- Opening Delimiter -

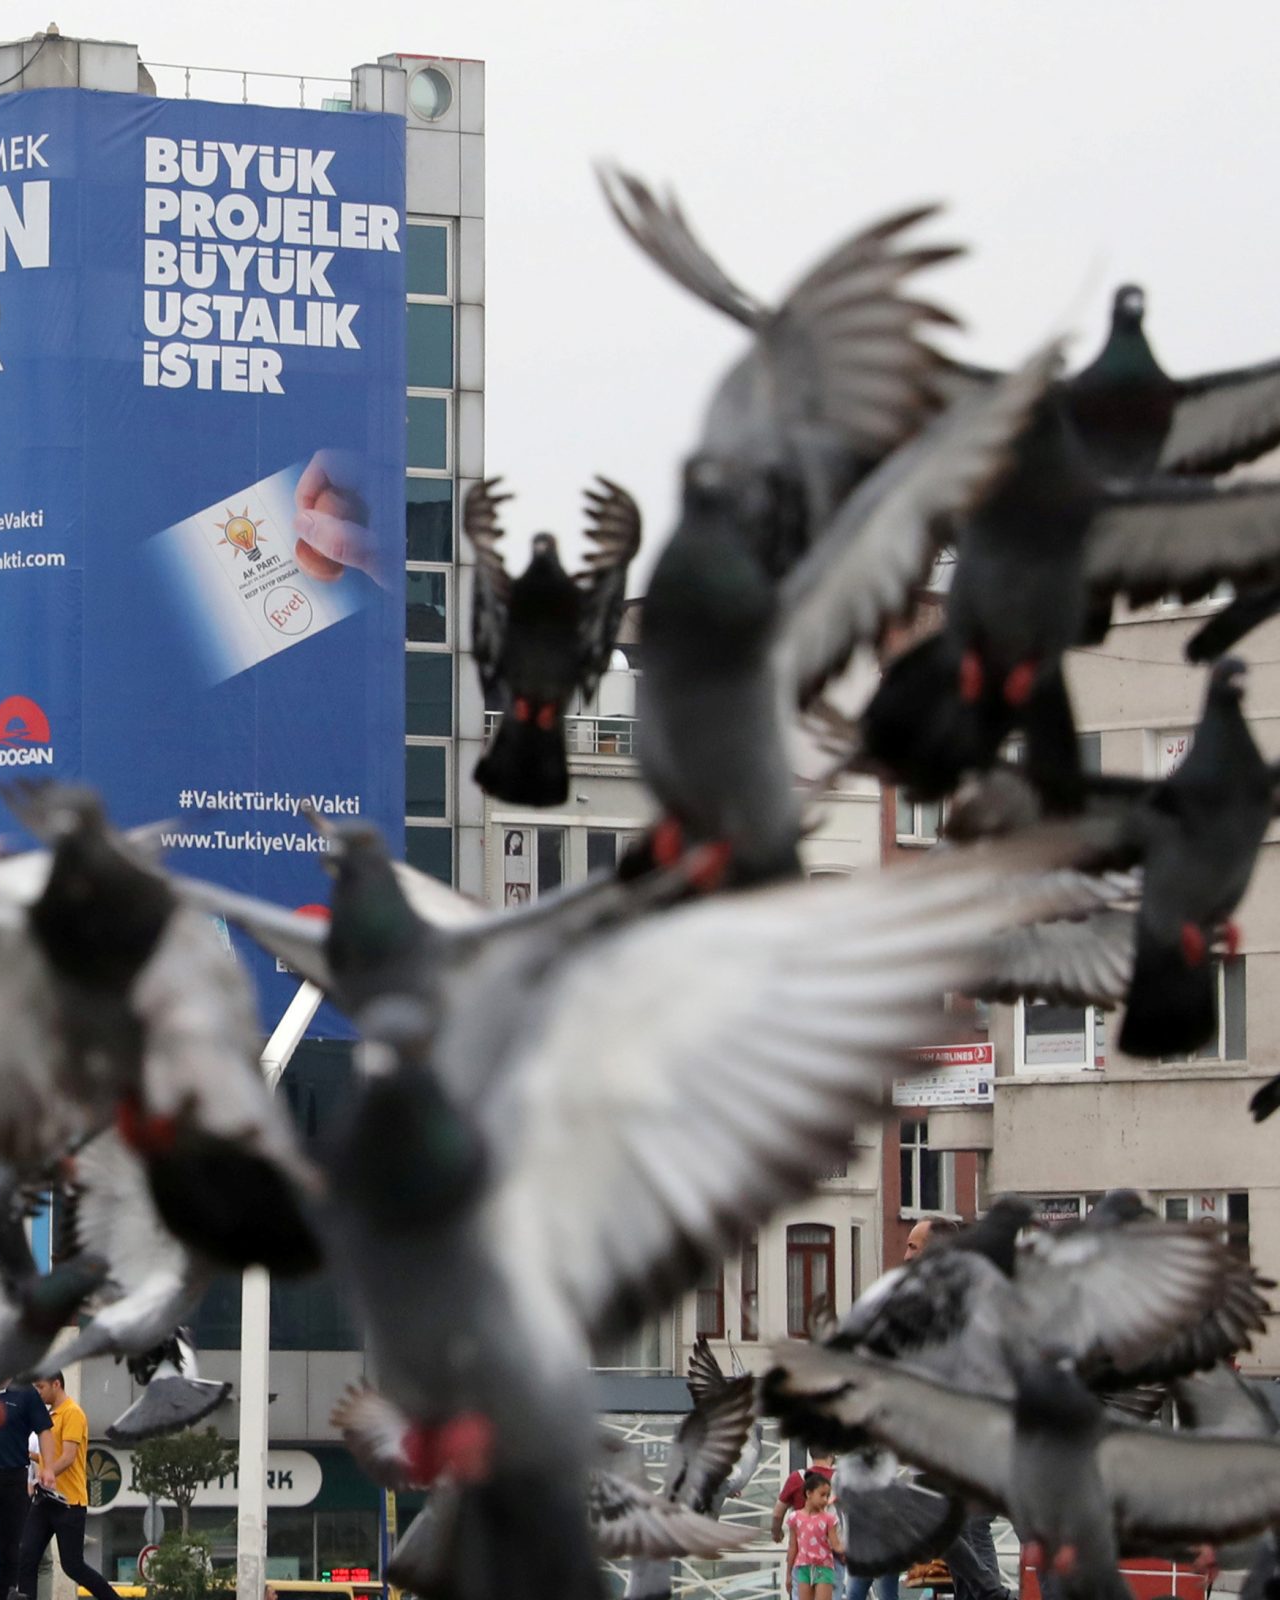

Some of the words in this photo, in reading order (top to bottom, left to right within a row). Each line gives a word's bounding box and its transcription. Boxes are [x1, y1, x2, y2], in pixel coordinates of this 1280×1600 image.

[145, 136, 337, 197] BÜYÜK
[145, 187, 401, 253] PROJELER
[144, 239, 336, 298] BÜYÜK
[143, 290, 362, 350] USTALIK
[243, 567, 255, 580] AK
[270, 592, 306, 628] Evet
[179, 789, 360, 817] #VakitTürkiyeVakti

- Closing Delimiter -

Your answer should copy the listing word for word, with no pictures in it.

Some of the words in this photo, in reading order (top to bottom, left to right within a row). Each line gives a word's bounding box and its transcription. Boxes are [x1, y1, x2, y2], in pixel coordinates of this 1280×1600 image.

[145, 136, 337, 197] BÜYÜK
[145, 187, 401, 253] PROJELER
[144, 239, 336, 298] BÜYÜK
[143, 290, 362, 350] USTALIK
[243, 567, 255, 580] AK
[270, 592, 306, 628] Evet
[179, 789, 360, 817] #VakitTürkiyeVakti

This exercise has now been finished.